A recente decisão do ministro Alexandre de Moraes, do Supremo Tribunal Federal (STF), de proibir manifestações em um raio de um quilômetro da Praça dos Três Poderes, em Brasília, gerou intensos debates sobre os limites do direito de reunião e a atuação do Judiciário brasileiro.Na madrugada de 1º de agosto de 2025, o ministro Alexandre de Moraes ordenou a retirada de deputados federais, incluindo Hélio Lopes e Coronel Crisóstomo, que realizavam uma manifestação pacífica na Praça dos Três Poderes. A ação, que incluiu a proibição de protestos em um raio de um quilômetro da área, foi enquadrada no âmbito do inquérito das fake news, sob a justificativa de prevenir possíveis atos criminosos. A decisão reacendeu críticas sobre supostos abusos de autoridade por parte do magistrado e levantou questionamentos sobre a legalidade da medida à luz da Constituição Federal.
Os deputados, acompanhados pelo desembargador aposentado Sebastião Coelho, montaram uma barraca na Praça dos Três Poderes em protesto contra o que consideram perseguição política ao ex-presidente Jair Bolsonaro. A manifestação, descrita como pacífica e sem obstruções, foi liderada pelo deputado Hélio Lopes, que utilizou um esparadrapo na boca para simbolizar uma “greve de silêncio”. Segundo os parlamentares, o ato visava chamar atenção para decisões judiciais que, na visão deles, violam garantias fundamentais. No entanto, Moraes, relator do inquérito das fake news, considerou o acampamento uma potencial ameaça, associando-o a tentativas de desestabilização semelhantes aos atos de 8 de janeiro de 2023.
A Constituição Federal, em seu artigo 5º, inciso XVI, garante o direito de reunião pacífica em locais públicos, sem necessidade de autorização prévia, desde que não haja armas ou prejuízo a outras manifestações.
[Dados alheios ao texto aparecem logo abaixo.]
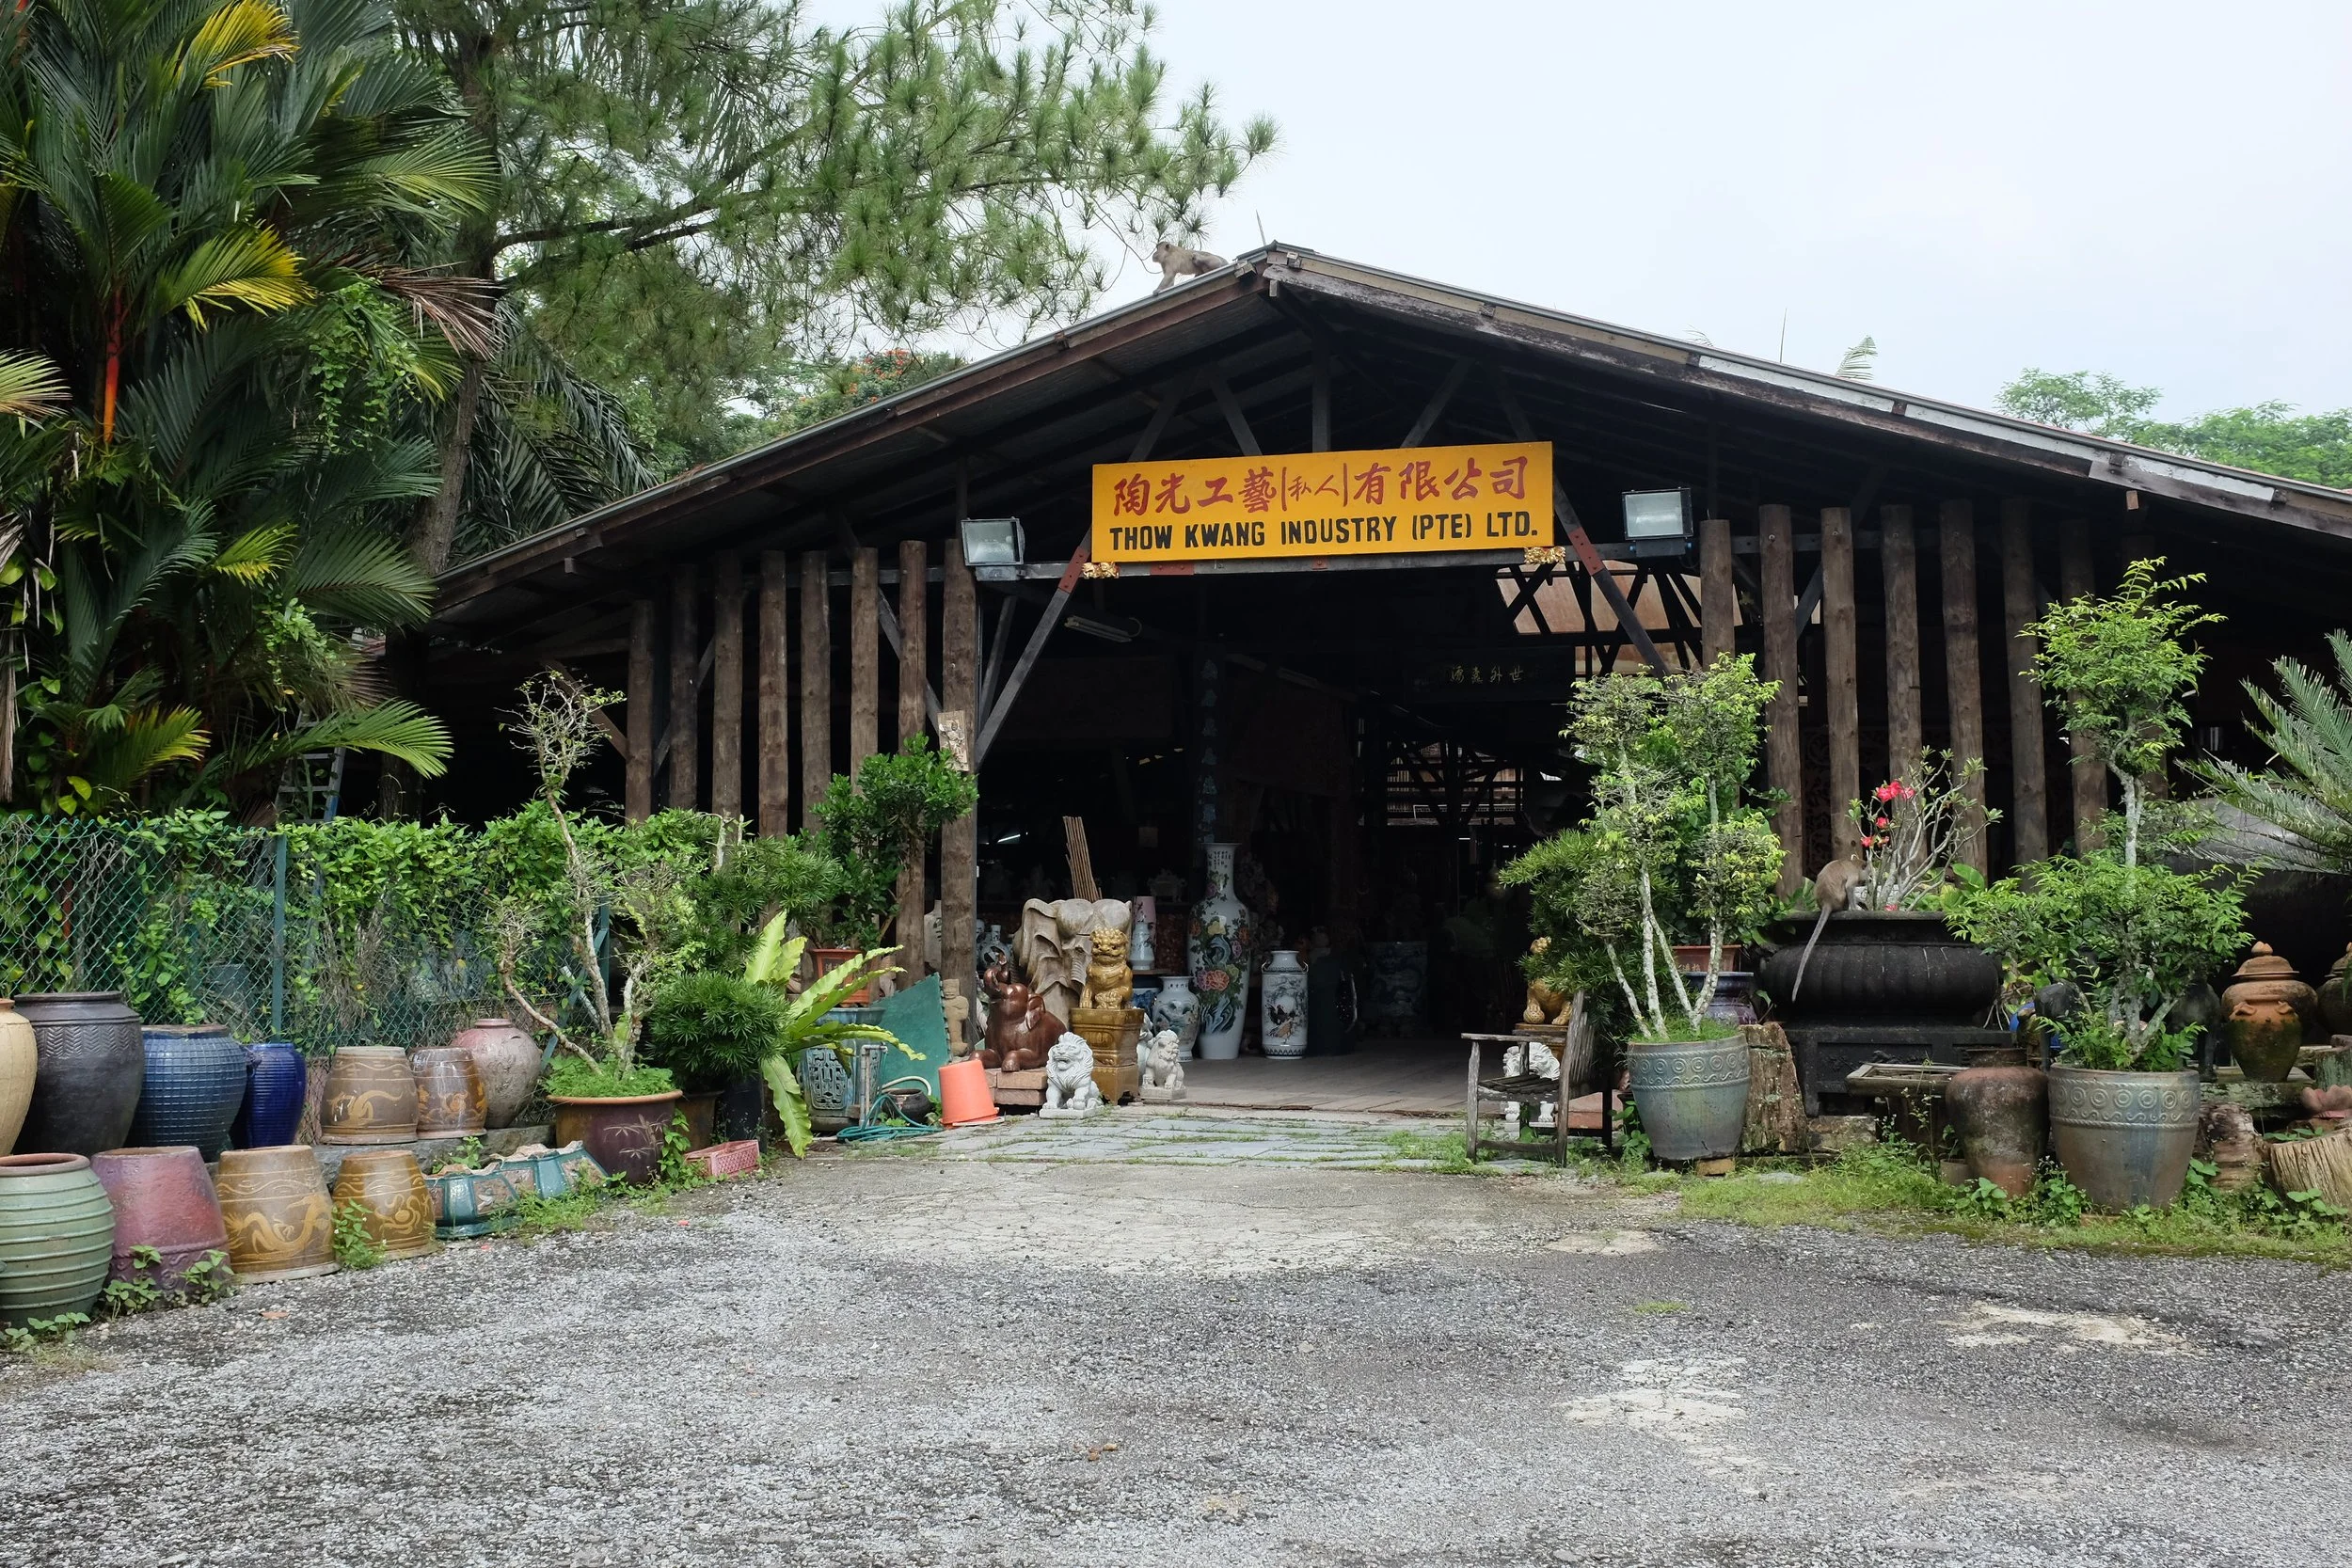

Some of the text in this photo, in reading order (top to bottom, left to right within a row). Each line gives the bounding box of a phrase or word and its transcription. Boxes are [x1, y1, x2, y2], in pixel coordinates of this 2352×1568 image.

[1110, 511, 1538, 550] THOW KWANG INDUSTRY (PTE) LTD.
A suspensão desse direito é permitida apenas em casos de estado de defesa ou estado de sítio, ambos exigindo aprovação do Congresso Nacional, que atualmente está em recesso. Críticos, como o ex-procurador Deltan Dallagnol e o jornalista Alexandre Garcia, argumentam que a decisão de Moraes carece de embasamento legal, configurando uma violação constitucional. Dallagnol, em vídeo recente, destacou que a ordem de Moraes contraria até mesmo suas próprias teses acadêmicas, nas quais o ministro defendeu a inviolabilidade do direito de reunião.
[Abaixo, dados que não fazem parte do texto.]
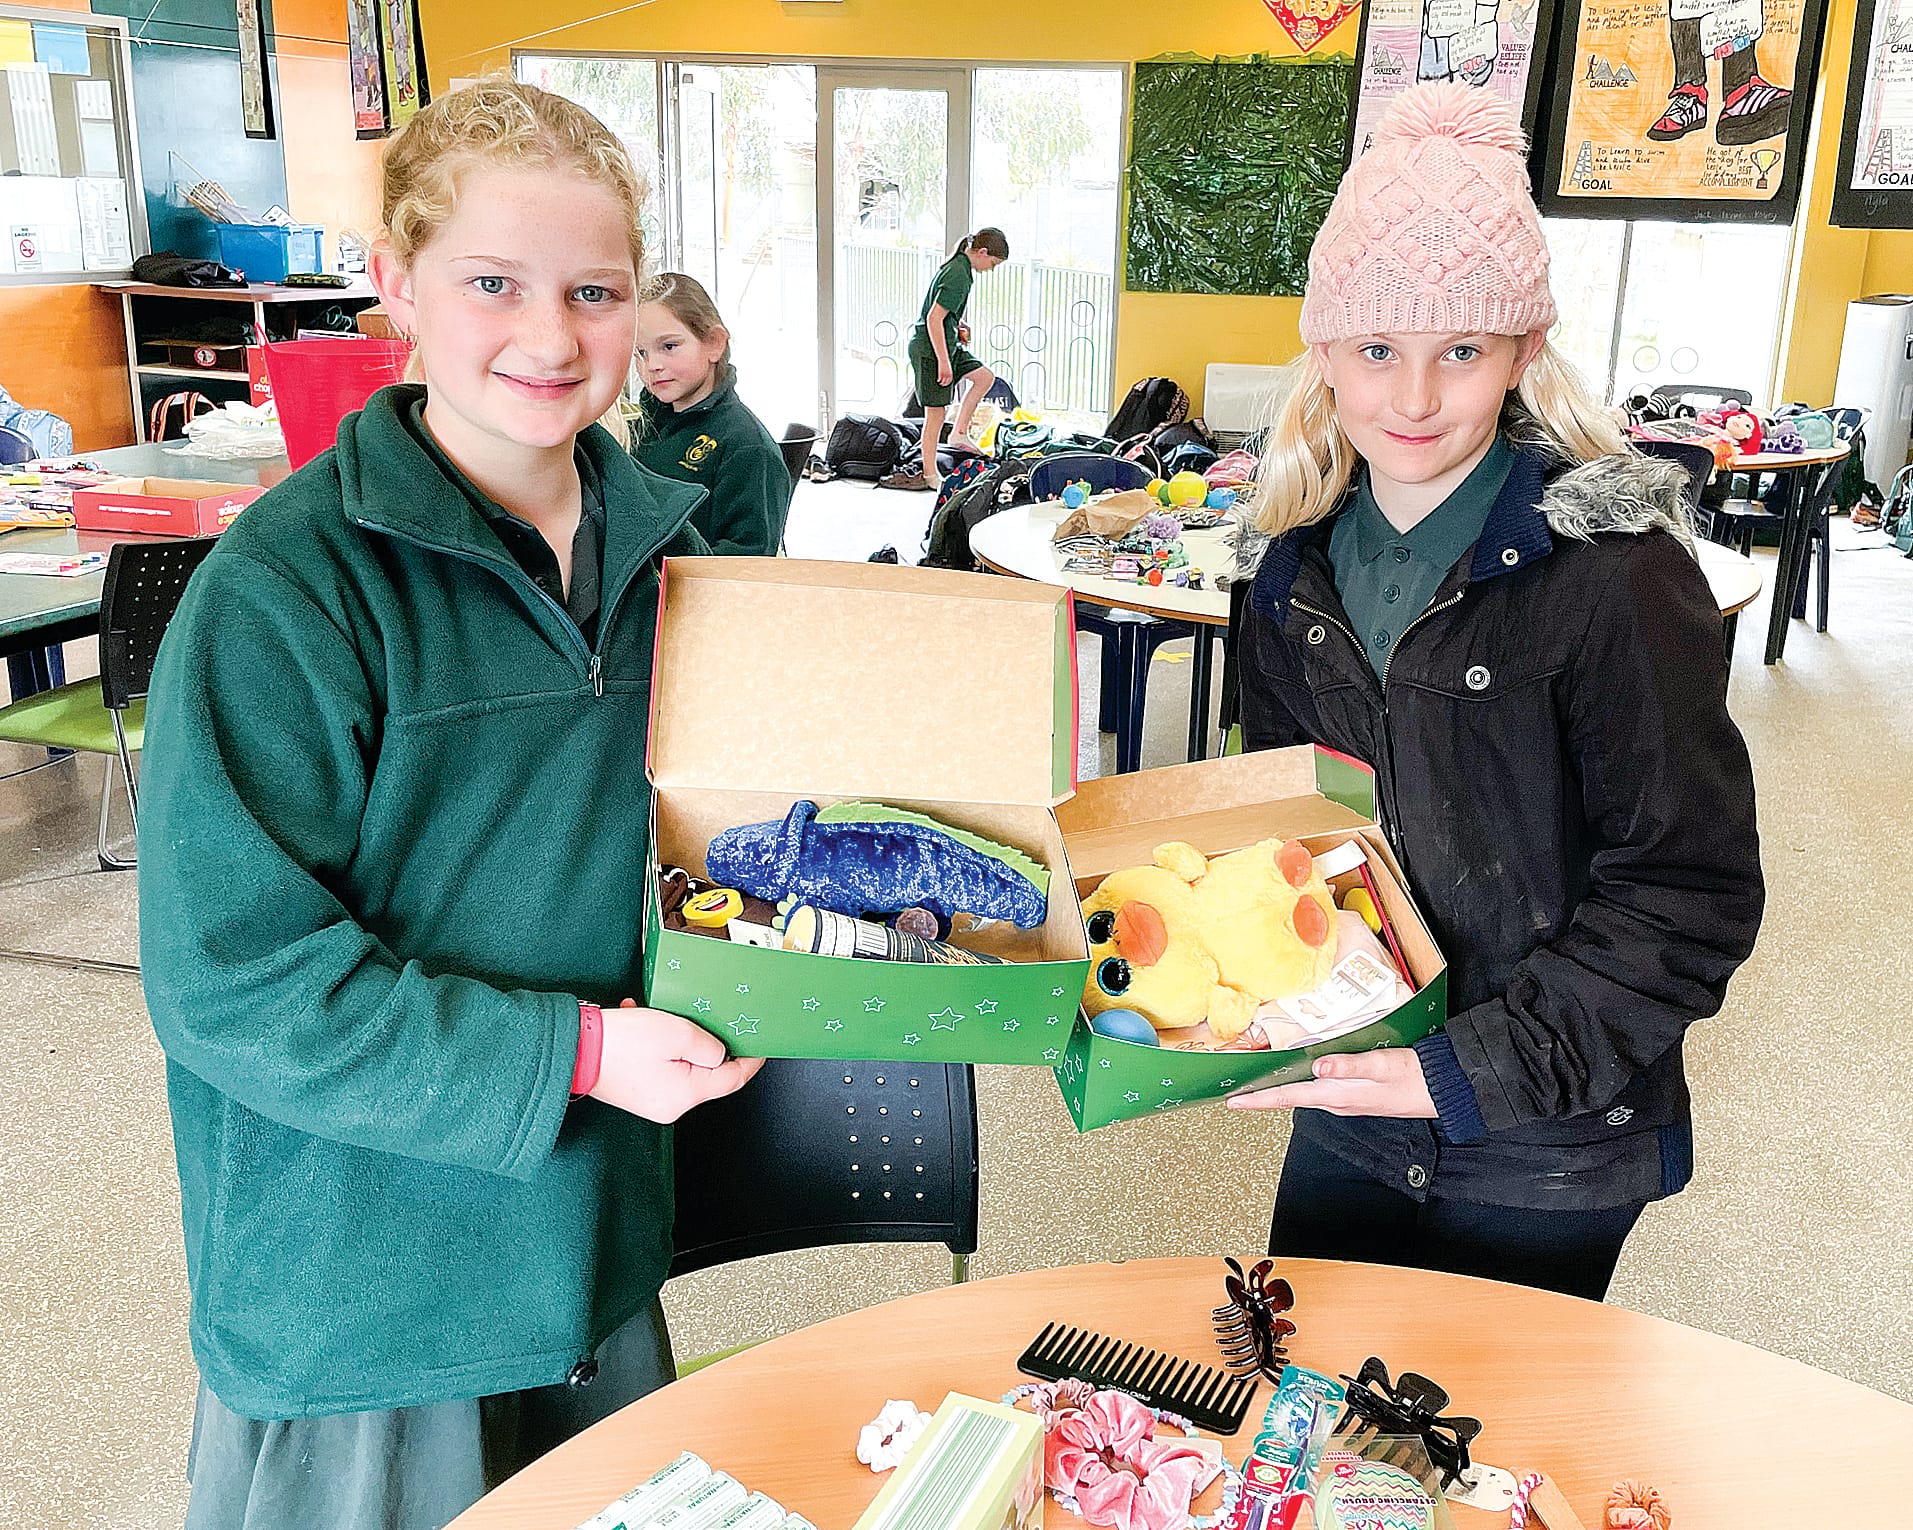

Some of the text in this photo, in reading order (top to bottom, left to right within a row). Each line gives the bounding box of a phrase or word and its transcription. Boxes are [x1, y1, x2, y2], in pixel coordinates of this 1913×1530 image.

[1374, 67, 1402, 76] CHALLENGE
[1589, 78, 1629, 88] CHALLENGE
[1738, 165, 1754, 175] BEST
[1581, 179, 1613, 191] GOAL
[687, 1487, 717, 1510] NATURAL
[1341, 1496, 1438, 1506] DETANGLING BRUSH
A plataforma “Dossiê Moraes”, lançada em julho de 2025 por políticos e juristas ligados ao partido Novo, lista a decisão como um dos supostos abusos do ministro. O site, que já documenta 77 episódios, alega que Moraes viola princípios como o devido processo legal, a liberdade de expressão e a separação dos Poderes. Entre os casos citados, está a proibição de uso de fardas por réus militares e o bloqueio de contas de políticos, como Eduardo Bolsonaro, nos Estados Unidos.

A proibição de manifestações na Praça dos Três Poderes, um espaço simbólico para a expressão popular, levanta questões sobre o equilíbrio entre segurança pública e liberdades individuais. Juristas como Vera Chimin e o ex-ministro Marco Aurélio Mello apontam que a atuação do STF, sob a liderança de Moraes, pode estar extrapolando os limites constitucionais, gerando desgaste institucional. A decisão, apelidada por críticos como um “estado de exceção geográfico”, alimenta a polarização política e reforça a narrativa de que o Judiciário interfere indevidamente em outros poderes.
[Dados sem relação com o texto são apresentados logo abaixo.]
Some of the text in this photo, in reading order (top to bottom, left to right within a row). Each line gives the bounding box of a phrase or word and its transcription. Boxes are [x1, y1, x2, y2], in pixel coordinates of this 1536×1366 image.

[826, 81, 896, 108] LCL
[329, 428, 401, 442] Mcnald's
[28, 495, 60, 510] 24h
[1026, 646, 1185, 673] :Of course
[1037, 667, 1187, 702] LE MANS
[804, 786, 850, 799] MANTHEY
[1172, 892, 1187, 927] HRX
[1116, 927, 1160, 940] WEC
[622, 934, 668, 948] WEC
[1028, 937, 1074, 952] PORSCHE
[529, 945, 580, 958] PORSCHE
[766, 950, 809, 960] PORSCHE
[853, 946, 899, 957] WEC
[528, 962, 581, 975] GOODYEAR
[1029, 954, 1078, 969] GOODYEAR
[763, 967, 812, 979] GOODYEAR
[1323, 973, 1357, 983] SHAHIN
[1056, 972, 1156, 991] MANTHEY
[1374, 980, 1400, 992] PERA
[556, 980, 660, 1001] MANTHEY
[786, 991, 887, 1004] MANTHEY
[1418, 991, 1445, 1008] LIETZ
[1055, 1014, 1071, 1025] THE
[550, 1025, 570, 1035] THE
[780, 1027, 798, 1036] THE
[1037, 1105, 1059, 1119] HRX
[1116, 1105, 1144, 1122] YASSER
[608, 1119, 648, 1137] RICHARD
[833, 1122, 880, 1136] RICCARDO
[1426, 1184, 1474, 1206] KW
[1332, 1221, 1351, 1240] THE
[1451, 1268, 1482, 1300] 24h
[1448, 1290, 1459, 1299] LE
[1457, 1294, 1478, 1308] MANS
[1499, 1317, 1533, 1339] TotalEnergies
A recente decisão de Alexandre de Moraes reacende o debate sobre os limites do poder judicial no Brasil. Enquanto defensores veem suas ações como necessárias para conter ameaças à democracia, críticos alertam para o risco de erosão de direitos fundamentais garantidos pela Constituição. Em um cenário de crescente polarização, a controvérsia em torno do “Dossiê Moraes” e da proibição de protestos na Praça dos Três Poderes evidencia a necessidade de um diálogo aberto sobre o papel do STF na democracia brasileira.